Осенью 1914 года, когда сербская армия приблизилась к Сараеву, власти отдали приказ об эвакуации жителей из укрепленного города.[10] Большая часть гражданского населения должна была быть отправлена в глубь страны. В городе оставляли только служащих государственных учреждений и тех, кто работал на армию. Барышне вместе с матерью удалось остаться в Сараеве.

Как только был выпущен первый военный заем, Барышня подписалась на сумму, которая всем бросилась в глаза. Местная печать ставила ее в пример, высоко оценивая ее поступок. «Хрватски дневник» воспользовался случаем, чтобы подчеркнуть, что в среде заблудшей и обманутой сербской интеллигенции есть и «лояльные граждане восточно-греческой веры». Однако нигде не было отмечено, что Барышня весьма искусным маневром тотчас спустила облигации этого займа, причем на довольно выгодных условиях.

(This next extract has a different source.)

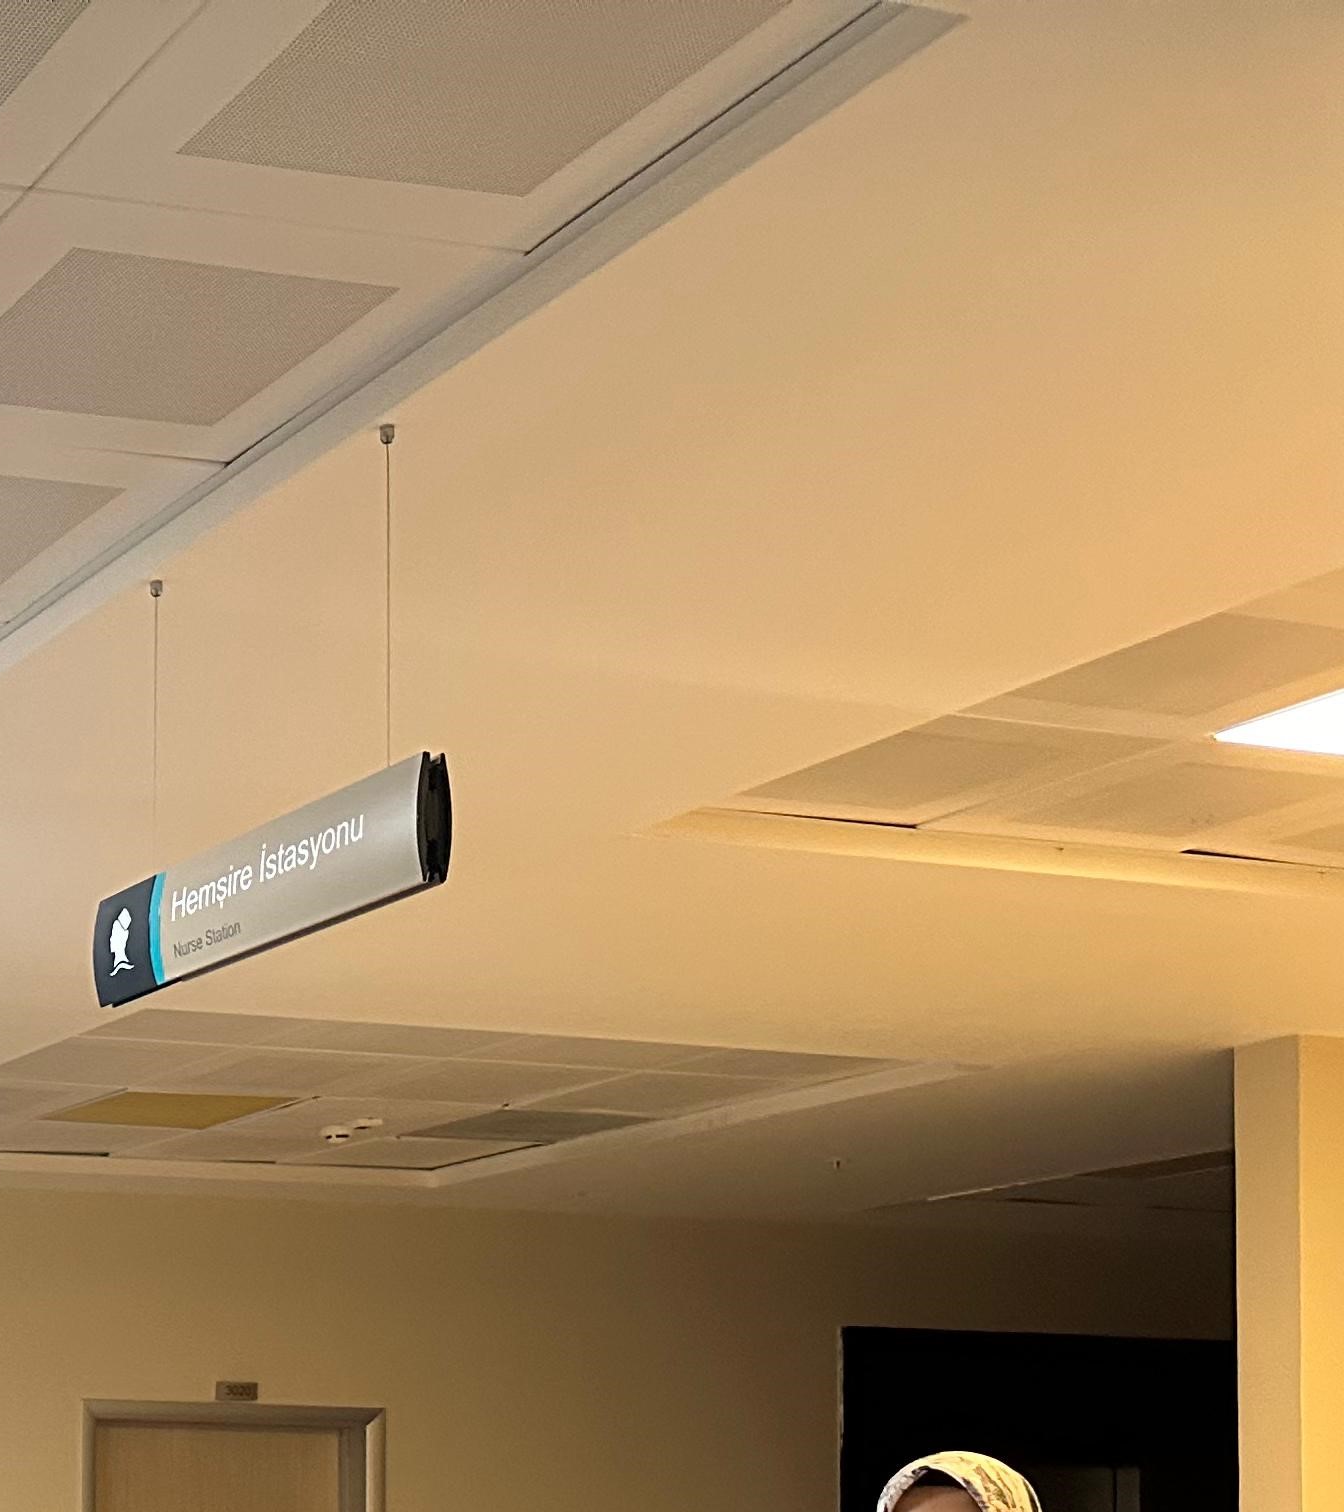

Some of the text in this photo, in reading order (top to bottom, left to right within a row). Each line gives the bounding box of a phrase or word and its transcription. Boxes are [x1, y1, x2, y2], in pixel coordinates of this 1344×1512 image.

Она и дальше не упускала возможности выказать свою лояльность. Покупала флажки и разные значки стран Центрального блока и выставляла их в окнах своего дома, приобретала фотографии монархов и полководцев, стараясь, чтоб это и не обходилось дорого, и было замечено.

Дела ее разрастались и ширились. Первые месяцы смятения и сумятицы, когда люди жили не оглядываясь и тратили не считая, миновали. Шел 1915 год, и теперь уже всем было ясно, что война будет не легкой, не короткой и не такой веселой, как представлялось кое-кому в первые дни. Вся хозяйственная жизнь стала приспосабливаться и приноравливаться к новым условиям. Тот, кто понял это первым, обладал серьезными преимуществами перед остальными. Среди первых был и Рафо Конфорти. Он мало-помалу ликвидировал все дела, которые не были связаны непосредственно с военными нуждами. И когда подошел черед призываться его году, его освободили от службы в армии, как «unentbehrlich».[11] Подавляющая часть сербских торговцев еще раньше ушла с рынка, мобилизация забрала торговцев других вер и народностей. У Конфорти почти не осталось конкурентов, руки у него были развязаны. Он получал миллионные поставки. А за его спиной действовала и богатела Барышня.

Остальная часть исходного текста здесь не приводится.